The answer might be a bit more complicated, as it depends a little on what you actually want to solve. In particular, is this a functional equation on the real variable $x$ or is $x$ restricted to be an integer? In any case the solution is not unique without specifying more details.

If the latter is the case, we are simply dealing with a recurrence relation: $$ f(n) = k f(n-1) - f(n-2) $$ with the characteristic polynomial $$ x^2 - k x + 1 =0 $$ which has the roots $$ \lambda_\pm = \frac{k \pm \sqrt{k^2-4}}{2} $$ and the general solution $$ f(n) = c_+ \lambda_+^n + c_- \lambda_-^n $$ for some constants $c_+$ and $c_-$. Their values would follow from two given functional values, which need to be stated in order to have a unique solution. Note that for $k^2 < 4$ the roots are complex and that there is a special case for $k=\pm 2$ where things are slightly modified.

If the problem is actually a functional equation that is to be solved for $x \in {\mathbb R}$, it gets more interesting and there are many different types of solutions that can be continuous and/or discontinous.

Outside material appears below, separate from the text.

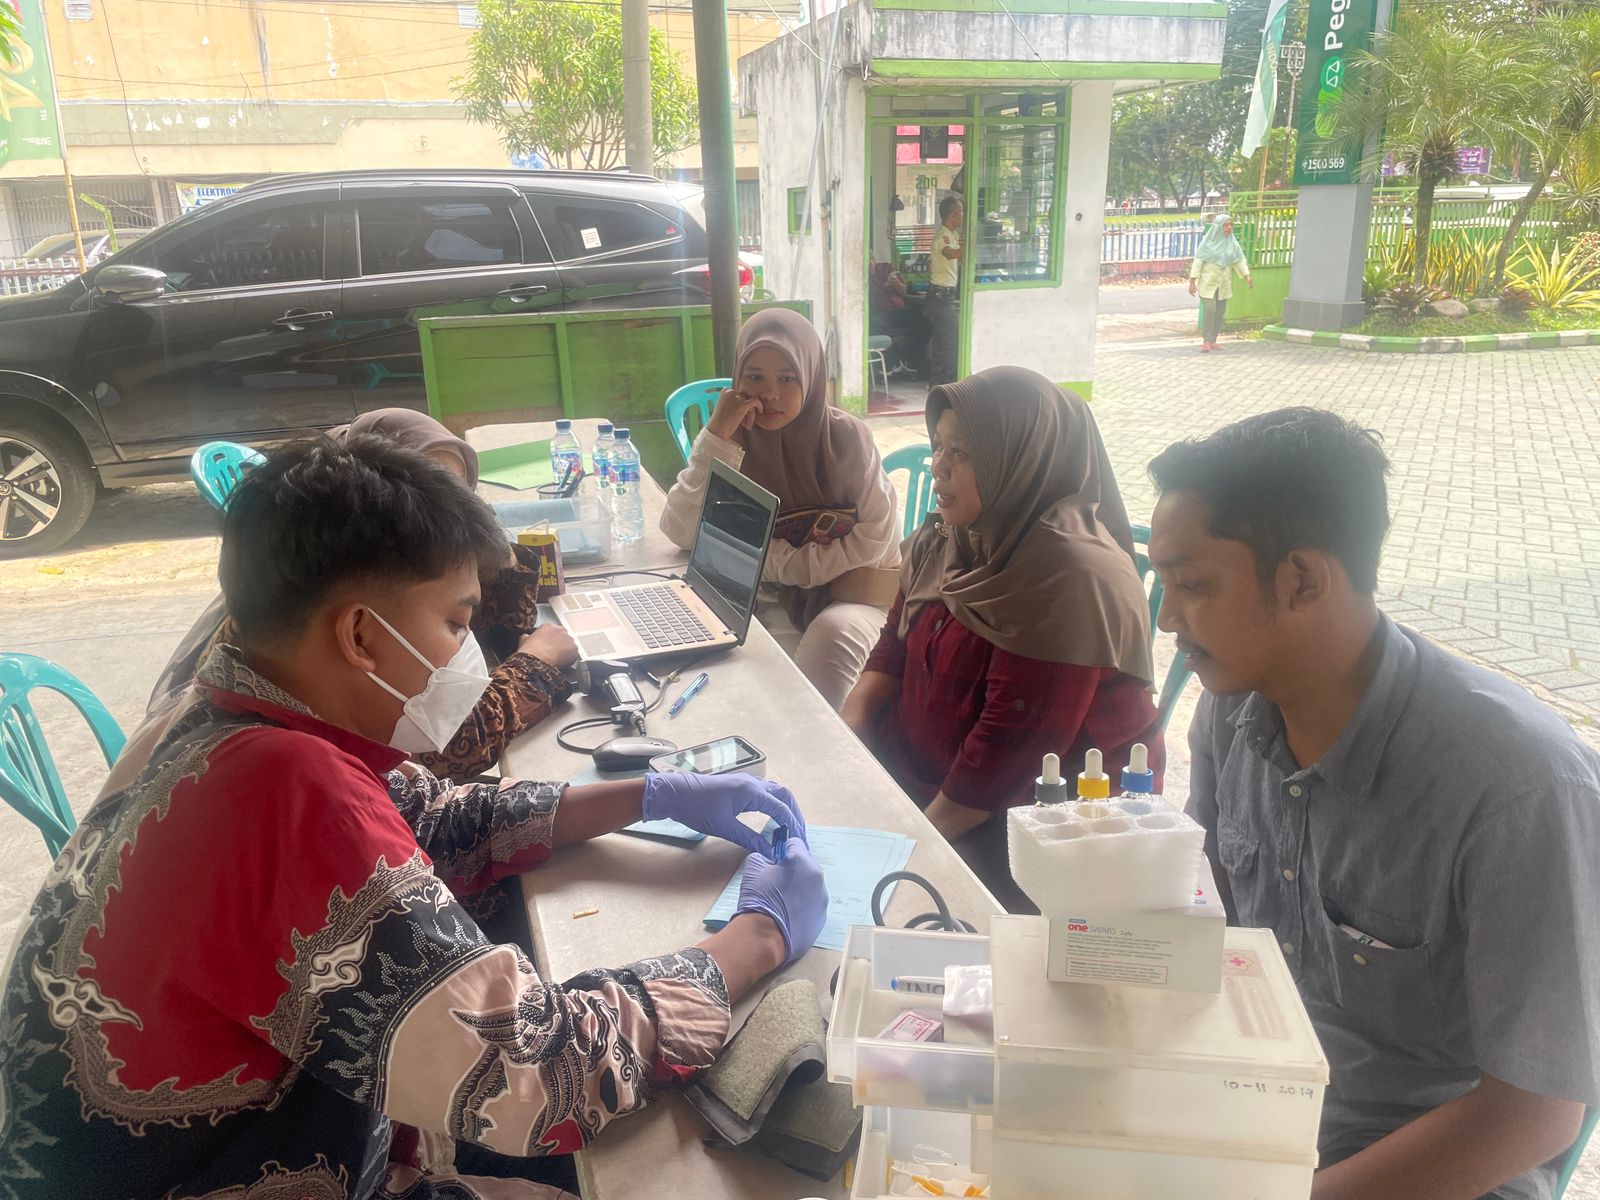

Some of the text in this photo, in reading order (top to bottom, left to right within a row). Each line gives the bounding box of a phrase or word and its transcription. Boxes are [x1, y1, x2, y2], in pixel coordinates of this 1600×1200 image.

For instance we can find the solution $$ f(x) = g(x) ~\left(\lambda_+\right)^x $$ which is valid for any periodic function $g(x)=g(x+1)$. This is easier to see if we introduce constants $\alpha_\pm$ such that $\lambda_\pm = e^{\alpha_\pm}$, because inserting this in the functional equations gives: $$ f(x-1) + f(x+1) = g(x-1)e^{\alpha_+ (x-1)} + g(x+1)e^{\alpha_+ (x+1)} \\= g(x) e^{\alpha_+ (x-1)} \left( 1 + e^{2 \alpha_+} \right) \\= g(x) e^{\alpha_+ (x-1)} \left( k e^{\alpha_+} \right) \\= k f(x) $$ A whole family of real, continuous solutions is for instance given by $$ f(x) = \cos(2 \pi k x + \delta) \left( e^{\alpha_+ x} + e^{\alpha_- x} \right) $$ for any constant $\delta$ and integer $k$. This also means that there is no unique answer unless additional restrictions to the solution are given.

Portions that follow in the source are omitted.